Lamplighters Sunday
2008-05-19 09:06 am Yesterday was the last show of the season for the Lamplighters, the
mostly-Gilbert-and-Sullivan company that we've had season tickets to for
over three decades. So the flower_cat,
chaoswolf,
B. (WINOLJ) and I headed up to San Francisco a little before noon. (The
Y.D. doesn't usually like to go, for some bizarre reason, so we take a
friend.)
The show was Gilbert & Sullivan Straight Up, With a Twist, written and directed by the redoubtable Barbara Heroux, the Lamplighters' artistic director. It's basically a series of selections from all the operettas, in chronological order, staged between two actors playing the roles of G and S. Their dialog is taken from diaries and letters, and provided a fascinating look into their occasionally-troubled collaboration.
There were nine singers: five men and four women.
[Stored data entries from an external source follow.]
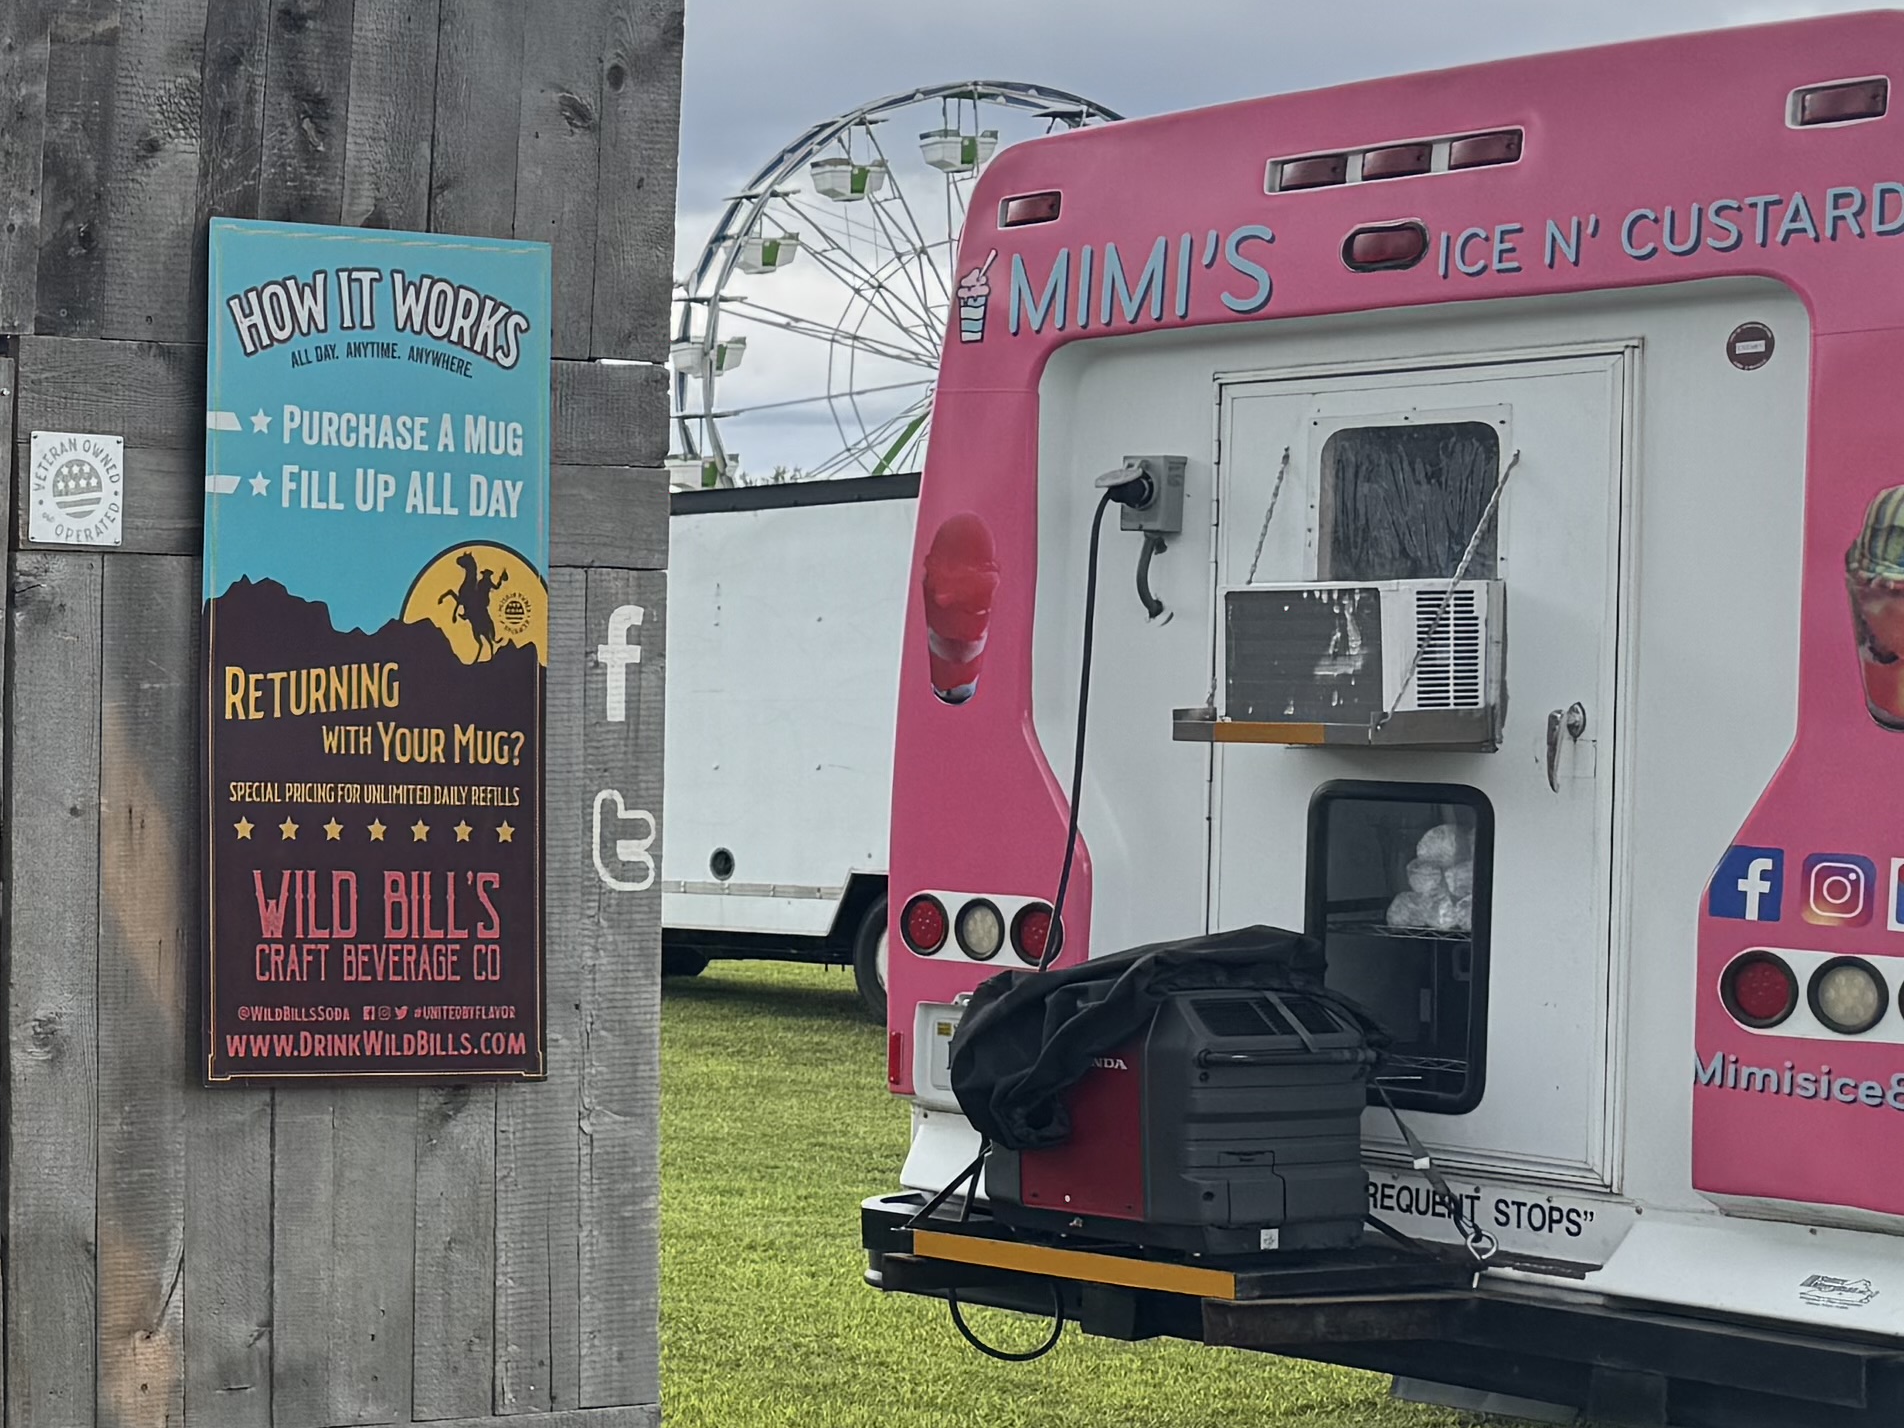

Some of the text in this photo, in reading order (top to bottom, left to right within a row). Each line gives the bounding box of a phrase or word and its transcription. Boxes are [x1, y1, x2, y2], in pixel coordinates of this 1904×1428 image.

[1008, 181, 1904, 336] MIMI'S ICE N' CUSTARD
[227, 267, 529, 370] HOW IT WORKS
[291, 341, 474, 379] ALL DAY. ANYTIME. ANYWHERE.
[283, 404, 523, 457] PURCHASE A MUG
[33, 438, 120, 492] VETERAN OWNED
[281, 464, 523, 519] FILL UP ALL DAY
[55, 502, 119, 542] OPERATED
[224, 662, 400, 720] RETURNING
[322, 721, 525, 766] WITH YOUR MUG?
[229, 782, 520, 807] SPECIAL PRICING FOR UNLIMITED DAILY REFILLS
[253, 870, 500, 939] WILD BILL'S
[255, 944, 500, 981] CRAFT BEVERAGE CO
[226, 1030, 526, 1058] WWW.DRINKWILDBILLS.COM
[1092, 1057, 1128, 1071] NDA
[1367, 1182, 1481, 1223] REQUENT
I really didn't know what to expect going in, but found it delightful. The singing was first-rate, of course, and the whole thing hung together surprisingly well as an artistic biography. The ending, after their death announcements, was especially effective: "The world is but a broken toy" from Princess Ida, followed by an ensemble rendition of "Once more gondolieri" from The Gondoliers.
I'd say, "Go see it!" but the season's over, so you lose. The program notes point to the Gilbert and Sullivan Archive if you want more information, and of course the complete libretti. Next season is The Mikado and Iolanthe.
We came home via I280 and stopped at Buck's for dinner; a delicious end to a pleasant afternoon out.
I finished off the day practicing some songs that aren't on the Baycon setlist but will probably come up in circle -- I'm sadly out of practice. And, a little surprisingly, the start of a setting for "The Collar-bone of a Hare", which started tickling my mind a couple of days ago while I was working on a (not totally unrelated) new song of my own.